Le prix des matières premières va t-il baisser ? Non. A court terme, pourquoi pas ! Mais les injections massives de liquidités dans les pays occidentaux, la démographie galopante et l'accès au développement de milliards d'individus chez les émergents ne militent pas dans ce sens à moyen terme.

Les normes de constructions vont elles devenir moins contraignantes ? Non. Avec la montée des prix de l'énergie, et la raréfaction des ressources fossiles, les pouvoirs publics vont au contraire faire monter leurs exigences à la hausse.

Le taux de fécondité va-t-il baisser ? Non. Quel en serait la raison ? Les prestations d'allocations familiales sont sacrées et sanctifiées. Il suffit de voir le tollé lorsqu'un candidat à la présidentielle a proposé de les assujettir aux conditions de ressources !

Le niveau d'immigration vat-il diminuer en France ? Non. C'est le constat que nous faisons depuis trente ans, je ne vois pas ce qui pourrait inverser la tendance quelle que soit l'agitation politique autour de ce sujet.

Le taux de divorce va-t-il diminuer ? Difficile à dire, mais ce n'est pas le cas pour l'instant.

La disparition des dispositifs fiscaux va-t-elle faire baisser les prix ? Non. Elle va faire baisser les volumes d'achat dans le neuf, donc diminuer la production de logements et donc augmenter la pénurie d'habitations disponibles et faire monter les prix dans l'ancien.

Les français vont-ils entrer en désamour avec la pierre ? Non. On observe au contraire des arbitrages dans de gros volumes de l'assurance-vie vers l'immobilier acheté en cash.

Les taux vont-il monter ? C'est l'inconnue et c'est aujourd'hui le seul paramètre qui peut faire baisser les prix.

Mais si à chaque fois que les taux longs montent, les banques centrales injectent de la monnaie sur le marché obligataire via le système bancaire et qu'elles maintiennent les taux de refinancement à court terme à un niveau très bas, les taux de base bancaires resteront bas, en autorisant une montée lente de l'inflation qui a pour effet de diluer les dettes et tuer les rentiers obligataires à taux fixe.
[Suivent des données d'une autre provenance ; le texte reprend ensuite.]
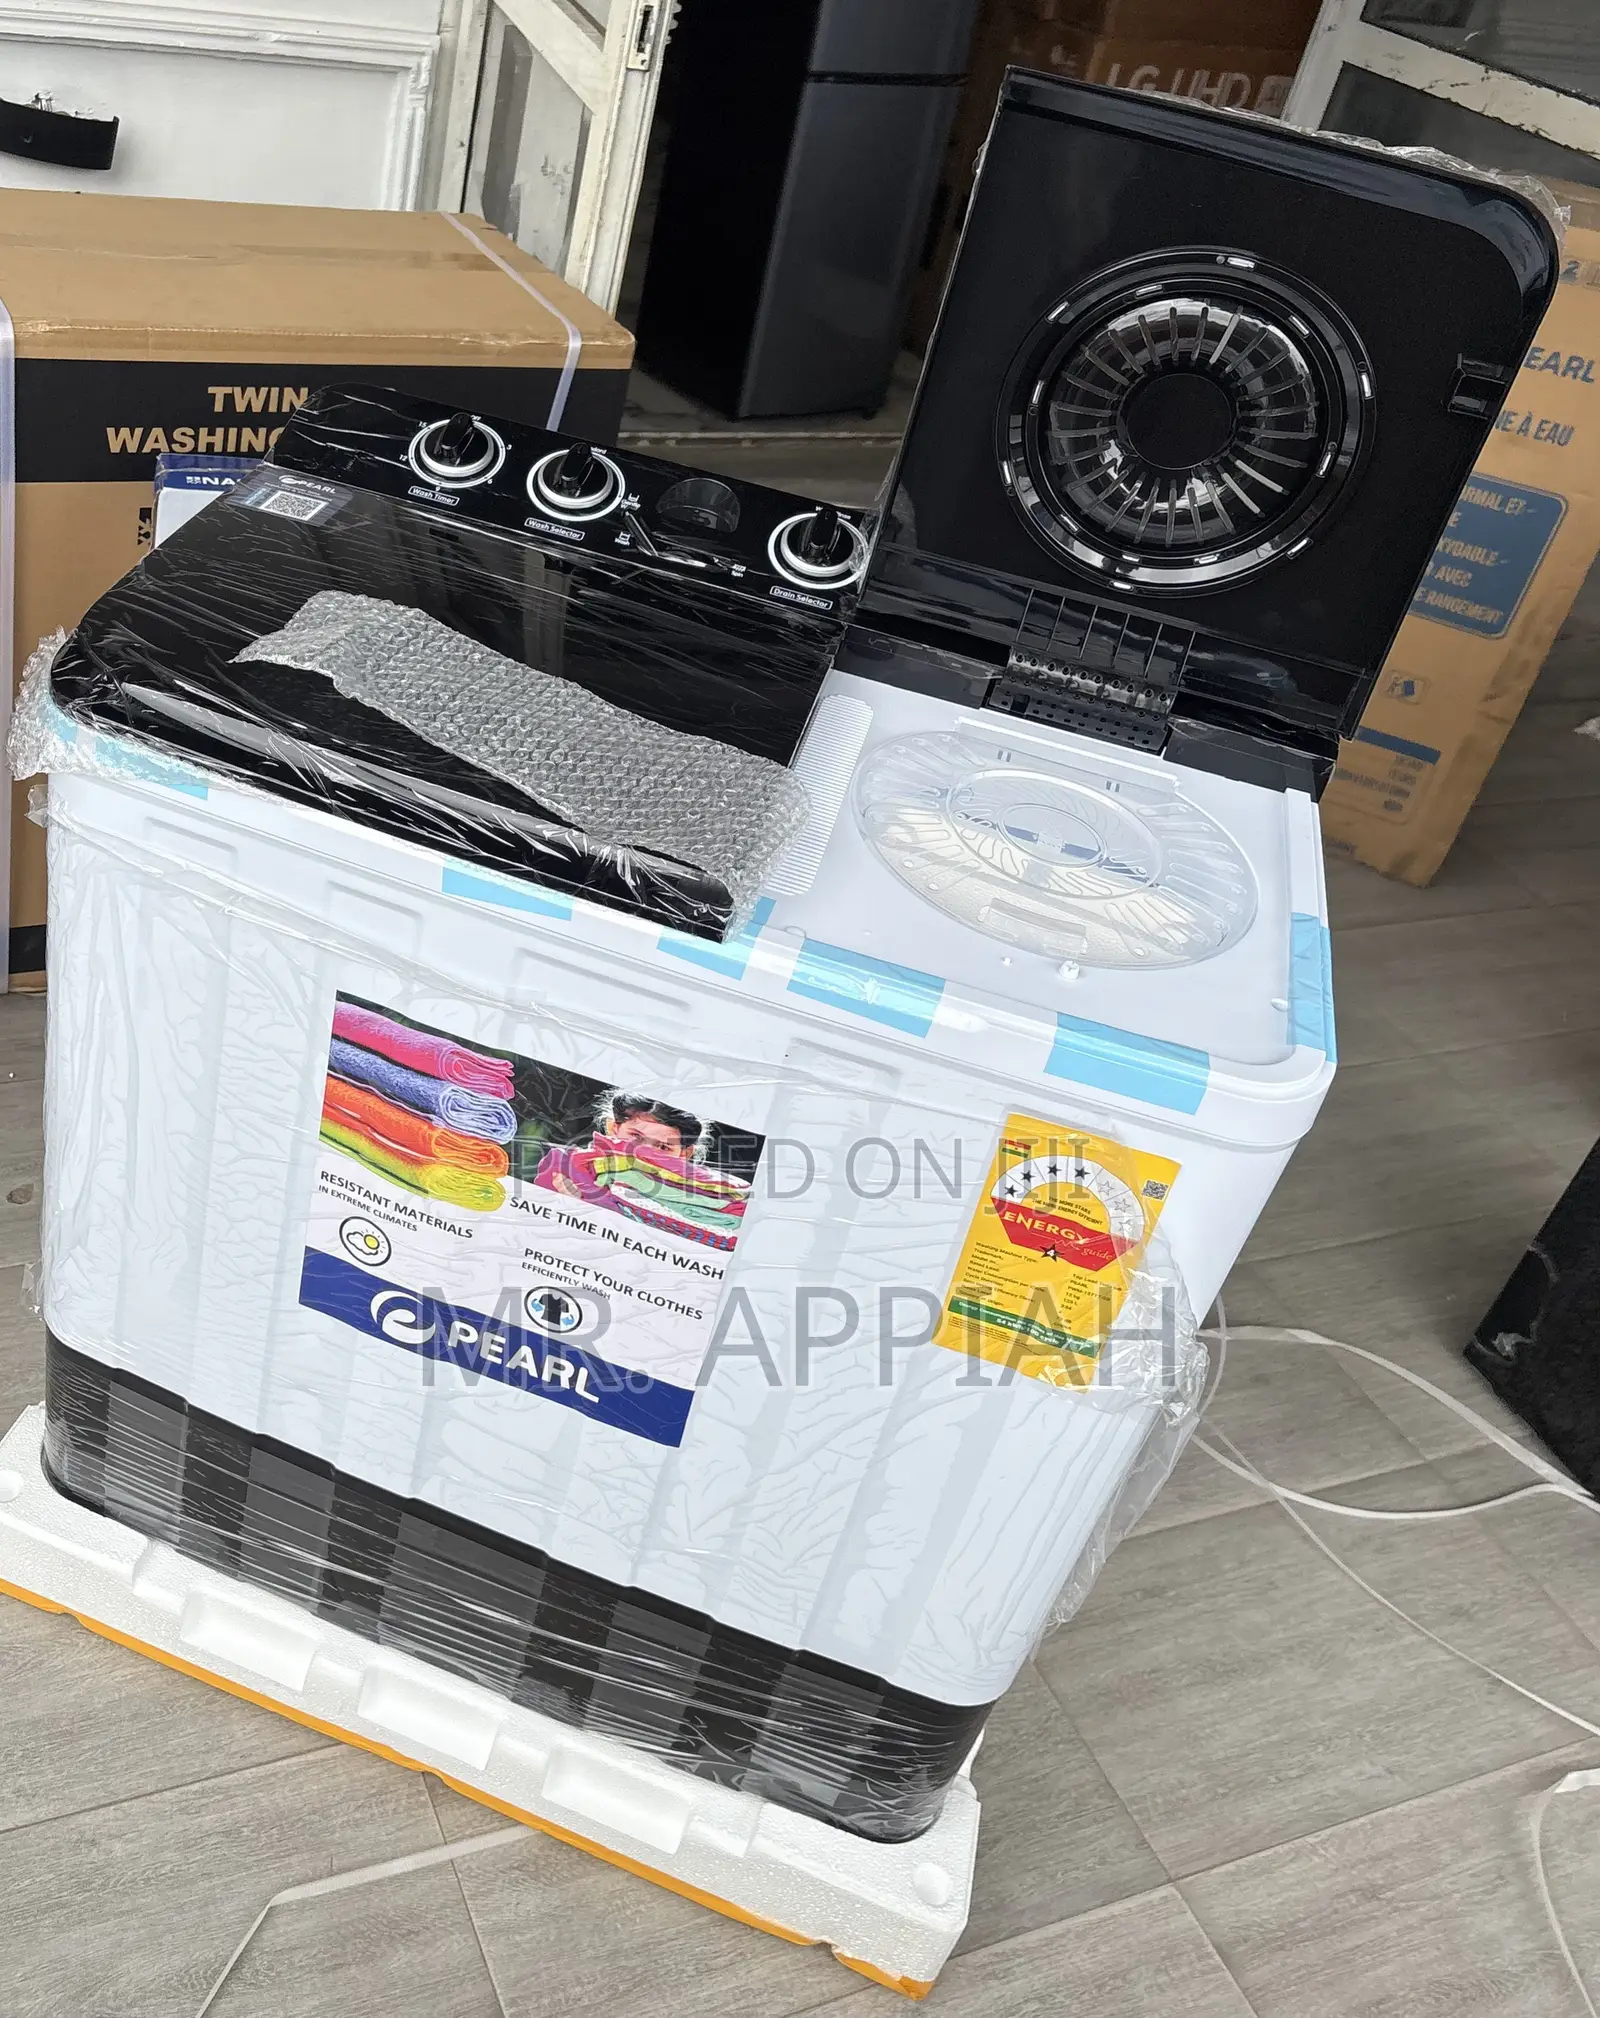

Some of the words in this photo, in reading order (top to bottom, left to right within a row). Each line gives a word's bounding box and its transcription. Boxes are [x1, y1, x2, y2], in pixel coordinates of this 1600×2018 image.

Dans ce cas, l'immobilier pourrait bien stagner ou même continuer à monter en monnaie courante du fait de la dépréciation monétaire.

Si au contraire, l'Allemagne et les pays du nord refusaient ce système structurellement inflationniste, la pression sociale et la réalité économique dans les pays du sud feraient exploser l'Europe. La situation qu'imposerait une hausse des taux sans montée des prix et des salaires serait insupportable car les états doivent régulièrement se refinancer et les acteurs économiques privés doivent également faire appel au crédit à un taux non confiscatoire (ce qui arriverait à la Grèce sans monétisation de sa dette, sans moratoire, ni aide). Ces pays quitteraient donc la zone euro. Dans ce cas, les monnaies locales dévalueraient et l'inflation voire l'hyperinflation gagnerait tous les pays du sud dont la France avec les mêmes conséquences pour les prix de l'immobilier que dans le cas précédent.
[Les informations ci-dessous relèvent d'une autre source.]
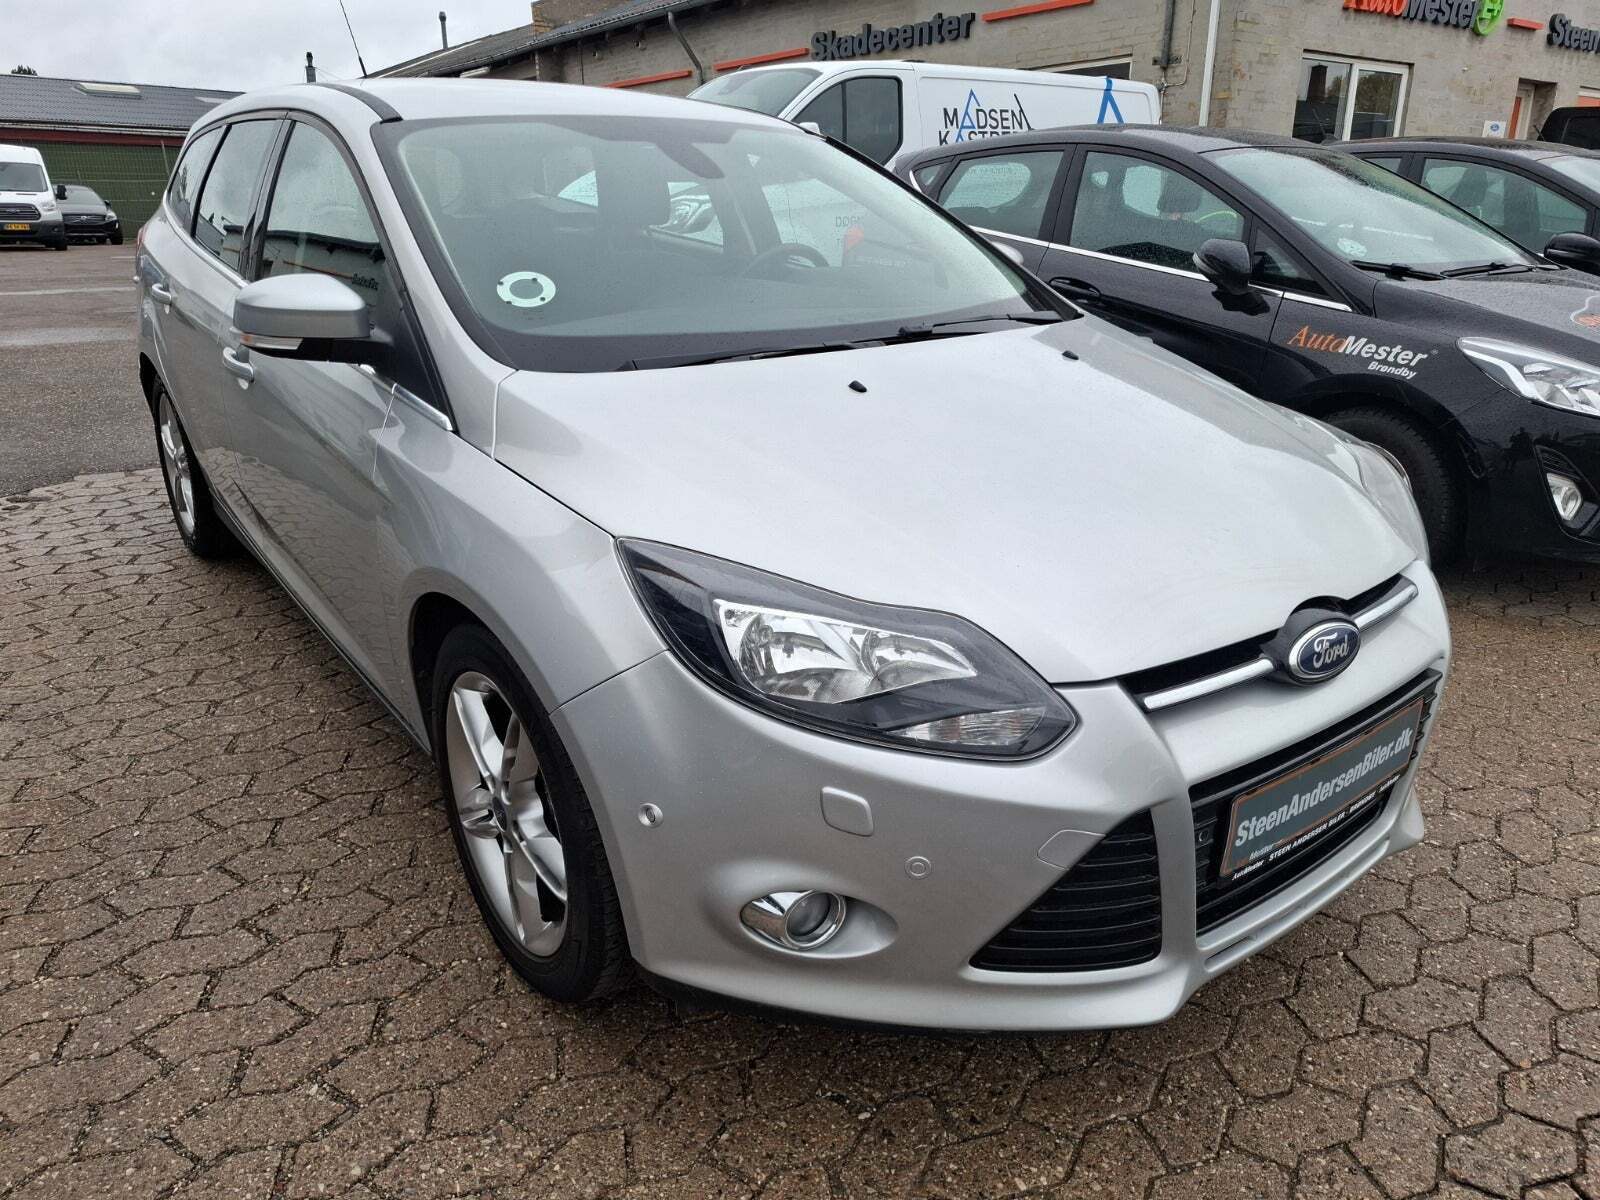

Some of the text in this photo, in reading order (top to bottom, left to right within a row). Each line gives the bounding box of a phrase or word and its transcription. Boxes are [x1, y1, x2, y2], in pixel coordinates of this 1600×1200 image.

[810, 12, 976, 61] Skadecenter
[1547, 12, 1600, 54] Steen
[943, 88, 1032, 131] MADSEN
[1287, 325, 1428, 367] AutoMester
[1313, 632, 1350, 669] Ford
[1235, 727, 1413, 847] SteenAndersenBiler.dk
[1269, 843, 1292, 862] STEEN
[1292, 822, 1328, 848] ANDERSEN
[1328, 811, 1346, 828] BILER
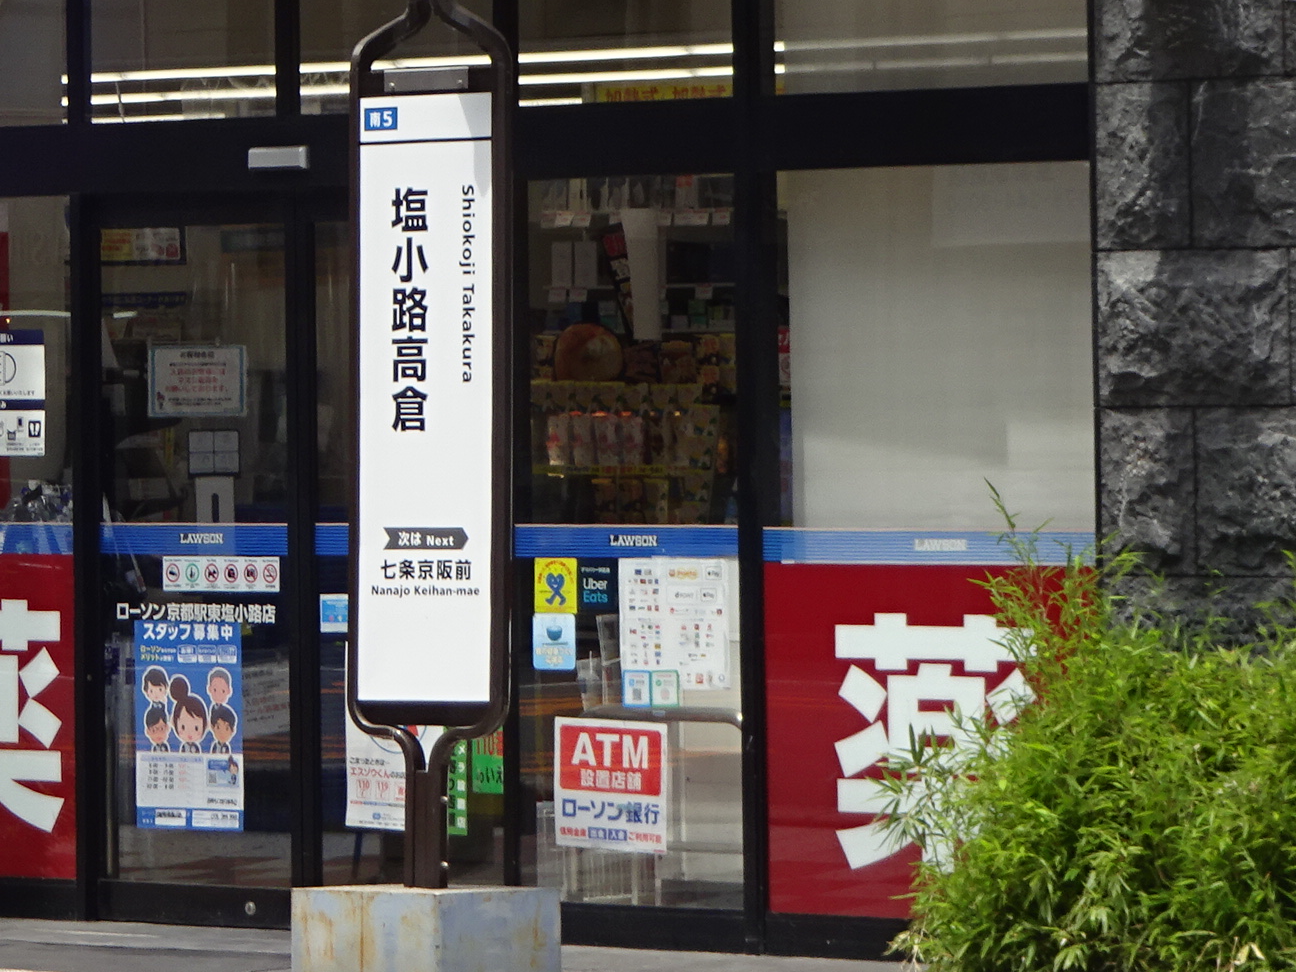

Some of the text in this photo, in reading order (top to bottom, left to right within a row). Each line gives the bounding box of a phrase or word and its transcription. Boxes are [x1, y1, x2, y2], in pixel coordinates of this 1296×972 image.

[369, 110, 393, 127] 南5
[459, 184, 475, 383] Shiokoji Takakura
[391, 187, 428, 432] 塩小路高倉
[180, 533, 224, 544] LAWSON
[398, 531, 454, 546] 次は Next
[609, 535, 658, 547] LAWSON
[381, 559, 472, 580] 七条京阪前
[371, 585, 480, 598] Nanajo Keihan-mae
[583, 577, 608, 590] Uber
[583, 591, 608, 603] Eats
[143, 623, 233, 641] スタッフ募集中
[571, 732, 649, 769] ATM
[581, 769, 642, 791] 設置店舗
[562, 798, 660, 825] ローソン銀行
Bien que dans ces deux hypothèses, l'issue paraissent inflationniste au niveau des prix de l'immobilier, posons-nous la question de savoir si l'Allemagne qui profite à plein de l'Europe en termes économiques et politiques dans le concert des nations, a plus intérêt à quitter la zone euro ou à supporter de l'inflation. C'est le dilemme qu'affrontent aujourd'hui ses dirigeants. Mon opinion est qu'ils vont tenter d'obtenir les deux à la fois : rester dans l'Europe et limiter l'inflation. C'est à dire qu’ils supporteront tout de même, et malgré leur volonté, de l'inflation mais protégerons l'euro face au dollar à long terme. Mais dans le domaine de la prévision, rien n'est jamais certain et une crise forte des PIGS avec explosion de l'euro ne peut pas être considérée comme impossible.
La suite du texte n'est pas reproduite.